Claro que junto a uma gare principal de uma grande cidade há
sempre algum hotel, e vi logo um, mesmo em frente, um hotel pequeno, mas alguém
devia falar inglês…
Para lá me dirigi e o recepcionista – rapaz novo e falando
mais ou menos inglês, foi de uma imensa simpatia: acedeu a guardar-me o saco,
deu-me uma planta da cidade e mostrou-me onde era a embaixada (longe, longe
dali) e dizia-me que devia tomar o autocarro tal até certo sítio e daí um outro
até lá.
Simplesmente eu não tinha dinheiro e disse-lhe que ia a pé, até porque
tinha muito tempo até a embaixada abrir; que não, era longe, devia apanhar o 83
(agora sei que o primeiro autocarro era esse porque conheço bem a zona) e
depois o outro e não passava disto. E foi quando me estendeu uma nota de alguns
dinares para os bilhetes (ele não me conhecia, mas até lá ficava o saco, pelo
que ele confiava em mim).
Lá apanhei os autocarros e realmente eram uns quilómetros
para lá chegar (Belgrado tem uma avenida com 8 quilómetros).
Enfim cheguei ao
edifício da embaixada, muito pobrezinha, diga-se de passagem, muito cedo e
sentei-me por ali à espera que abrissem no horário estabelecido; quando tal
aconteceu, subi umas escadas e deparou-se uma moça, louraça bem ao estilo
eslavo e eu com um “bom dia” bem português que ela não entendeu; vá lá que
falava inglês, e lá lhe expliquei a minha triste situação.

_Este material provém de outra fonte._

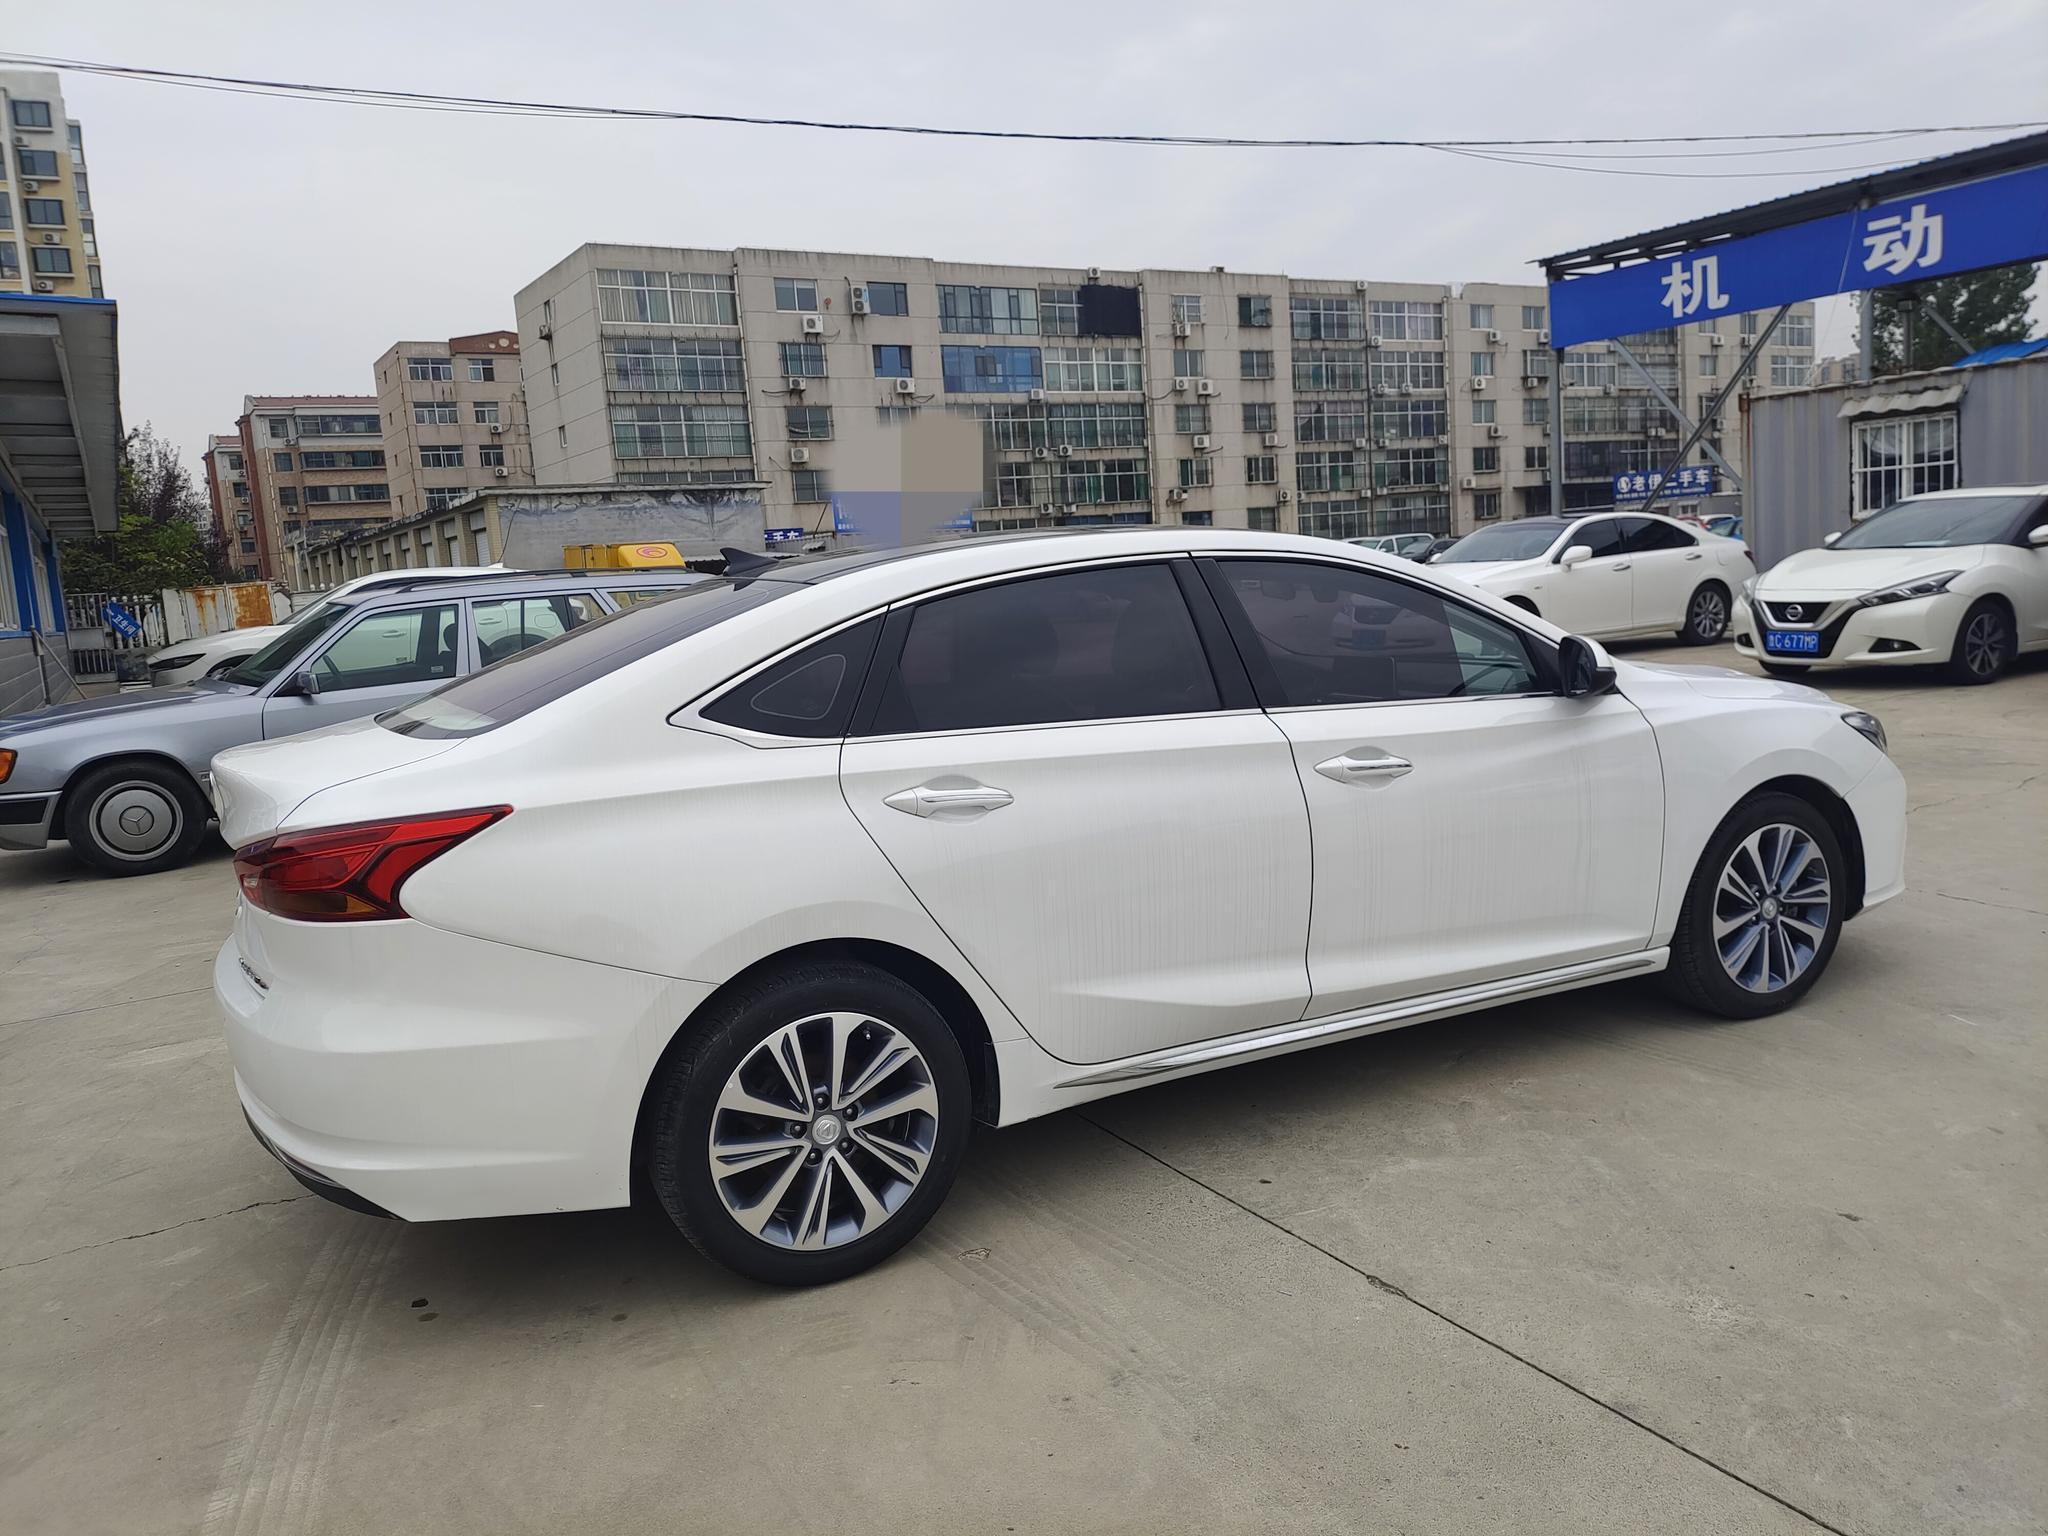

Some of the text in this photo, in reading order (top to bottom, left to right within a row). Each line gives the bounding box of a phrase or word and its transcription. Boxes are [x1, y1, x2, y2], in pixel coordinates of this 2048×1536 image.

[1661, 204, 1944, 319] 机动
[112, 614, 136, 635] 卫生间

Levou-me à presença de um senhor, mais ou menos da minha
idade –jovem portanto – português que me pediu para lhe relatar a situação. Eu
sabia que na altura o embaixador português na Jugoslávia era o escritor Álvaro
Guerra, pessoa conhecida e cujo cargo era apenas político, pois não era da
carreira diplomática.
Não estava à espera de ser recebido por ele,
naturalmente, mas o individuo era alguém importante lá na embaixada e ouviu-me
bem e depois começou uma conversa simpática, de onde eu era, onde tinha
estudado, isto e mais aquilo e concluímos que tínhamos frequentado Económicas
(ISCEF) nos mesmos anos, embora não nos conhecêssemos pessoalmente , mas tínhamos
conhecimentos comuns, de algumas pessoas que até ocupavam lugares de destaque
na altura, em Portugal.
Isto para dizer que o homem me pôs completamente à
vontade, me disse que aquela conversa tinha como fim saber se a minha história
era verdadeira ou não e que iria tratar de imediato de me arranjar um novo
passaporte com a validade de 15 dias, mais que suficiente para chegar a
Portugal, um bilhete de comboio até à Covilhã e me disponibilizaria algum
dinheiro para eu aguentar a viagem de regresso.
Claro que o bilhete indicava
Veneza e Marselha como eventuais paragens, mas eu não acreditava que pudesse
visitar essas cidades, naquelas condições. Quando eu, chegado a Portugal
liquidasse o empréstimo do dinheiro emprestado e do preço do bilhete, podia
arranjar um novo passaporte normal aqui.
Entretanto e como aquilo ia demorar
umas horas, o homem, super simpático convidou-me a tomar o pequeno almoço com
ele, num hotel que ainda hoje existe e que no momento era um dos melhores – o Slavia
– no centro da cidade e que na altura era quase só para pessoal diplomático.
Tito tinha morrido havia três meses e a
Jugoslávia era um país comunista, apenas um pouco afastado da ortodoxia soviética.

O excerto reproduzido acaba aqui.